To be honest, news that the UK government will be implementing the Generate Data Protection Regulation (GDPR) when it comes into full effect in May 2018 is a rather obvious statement. London took part in the seemingly endless Brussels negotiations which led to the new regulations -- and let's not forget, they are already enshrined in UK law, although the big fines for transgressors are eighteen months away.

Another point worth mentioning is that the UK will almost certainly still be in the EU in May 2018. If Article 50 is triggered next spring, the likelihood is that the UK will not leave the EU until spring 2019, a full year after GDPR comes into full effect.

Nevertheless, British business, and their EU counterparts, have been in dire need of clarification since May of this year when GDPR moved from the translator's office to the statute book. It was, of course, just a month before the momentous referendum instructed the government to negotiate Britain's exit from the EU. The following four months, since that fateful and surprising news, have seen a kind of phony war on data privacy. Digital marketers pretty much expected the law to be implemented, as did their clients, but there was still a lingering doubt. It was probably a case of businesses hoping to avoid the expense of implementing GDPR and accept shorter (but better qualified) email lists.

However, today we absolutely have the final word on the matter. The Secretary of State for Culture, Media and Sport, Karen Bradley, told Parliament that the UK will still be in the EU in 2018 and that it naturally follows GDPR will come fully into effect in that year. After that, she said the government would look "at how best we might be able to help British business with data protection while maintaining high levels of protection for members of the public."

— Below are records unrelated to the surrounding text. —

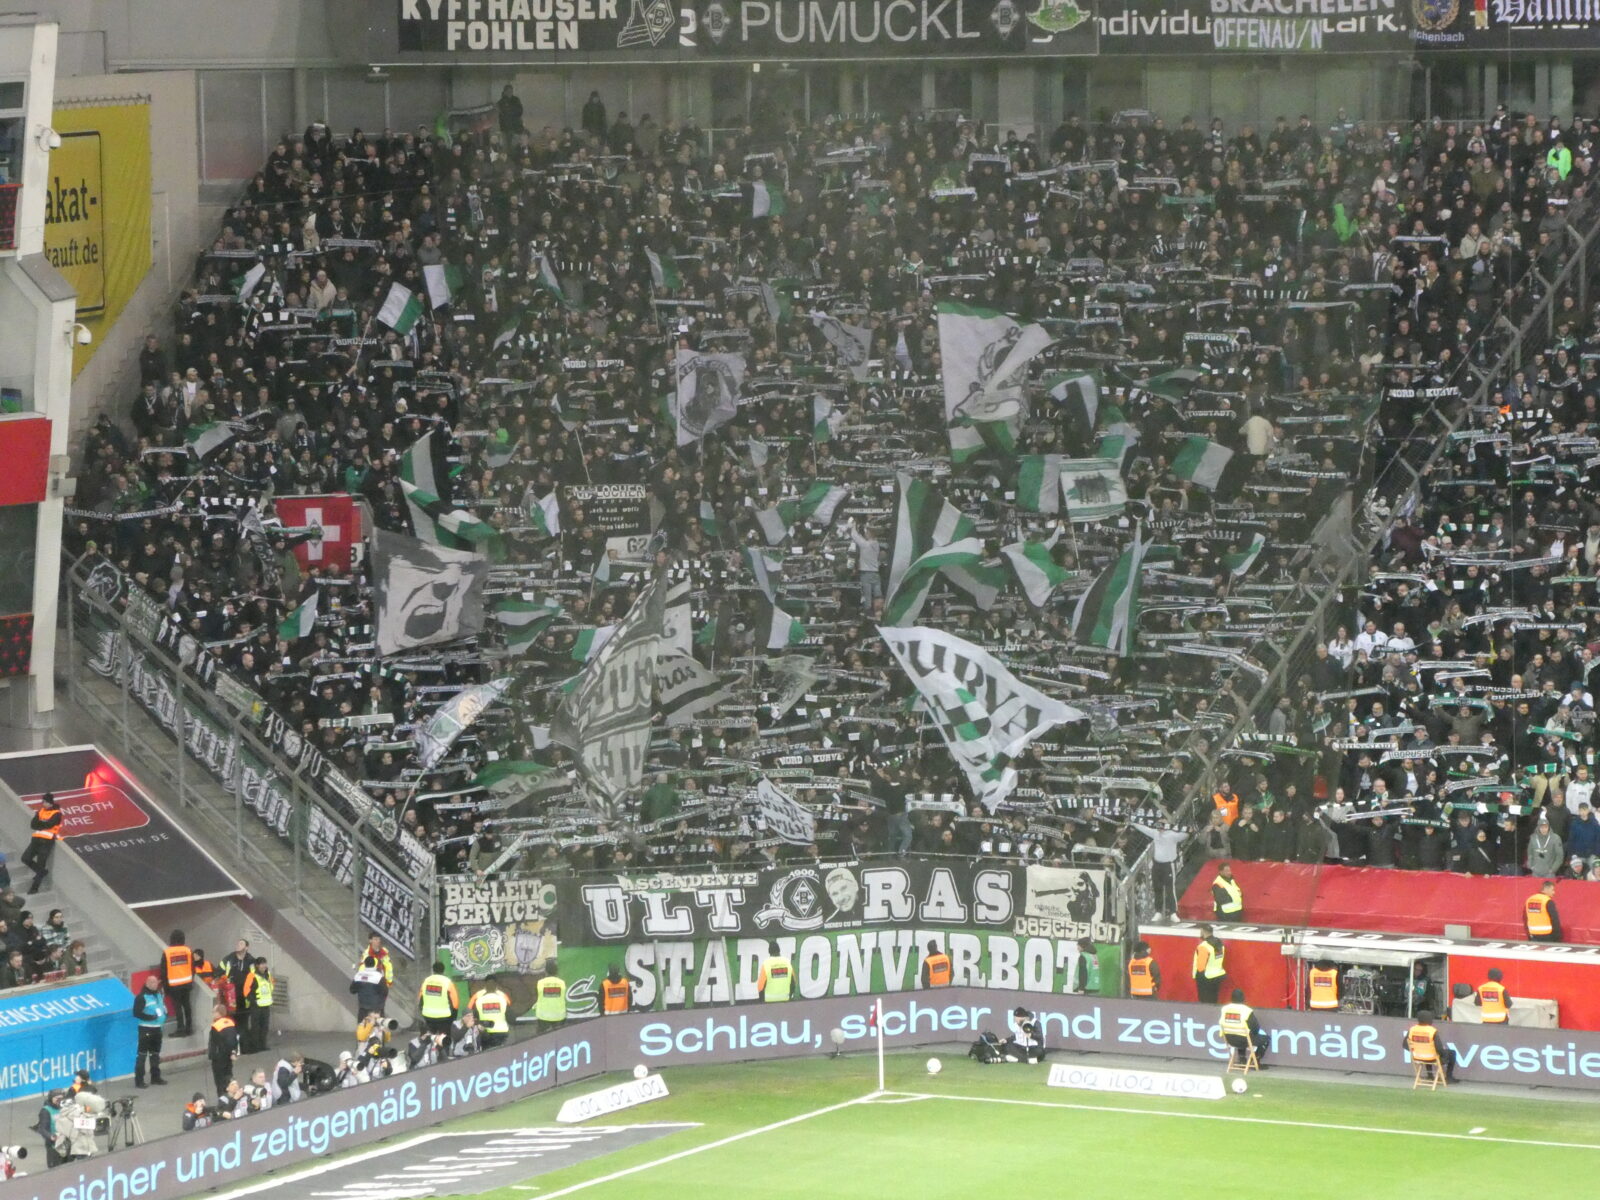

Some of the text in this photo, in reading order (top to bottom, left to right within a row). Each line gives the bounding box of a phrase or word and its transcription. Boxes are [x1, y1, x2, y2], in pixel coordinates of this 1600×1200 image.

[447, 21, 579, 51] FOHLEN
[741, 0, 981, 43] PUMUCKL
[444, 880, 541, 906] BEGLEIT
[444, 901, 540, 925] SERVICE
[582, 866, 1013, 939] ULT RAS
[639, 1015, 823, 1058] Schlau,
[840, 1003, 991, 1040] sicher
[1118, 1013, 1386, 1061] zeitgmäß
[59, 1165, 166, 1200] sicher
[176, 1131, 241, 1183] und
[251, 1079, 421, 1162] zeitgemäß
[430, 1038, 592, 1113] investieren

The important thing here is that the Information Commissioner, Elizabeth Denham, has immediately leaped on the news to assure British businesses that it will be working with the government to help guide companies through what the new law means to them and how they can become compliant. The ICO had come in for some muted criticism for not taking the front foot more forcibly on guiding agencies and clients on the full impact of GDPR. I made the point myself in a previous blog that it was rather odd the DMA was asking businesses how prepared they were for GDPR before the ICO had even told companies what they should be doing to be prepared. 

The smart people in the industry I had talked with had all agreed that the ICO was expected to give more clarification by the end of the year. Today appears to be a very clear signal that this process will now begin. There is no longer any doubt to hide behind or hedge bets around. GDPR will remain British law when it comes into effect fully in May 2018 and improved compliancy guidance is under development.

It will be a pain to implement -- there is no getting away from that -- and it will cut email lists down. However, taking a chance to ensure that audiences are engaged and actively want to listen to what you've got to say is surely no bad thing. Especially so in email marketing, where being ignored, deleted and left to languish in junk is a bad omen for the rest of your efforts.

It's best to pull the plaster off fast, feel the pain and then get on with engaging customers with a more personalised dialogue they will hopefully not want to switch off. 

Next story loading loading..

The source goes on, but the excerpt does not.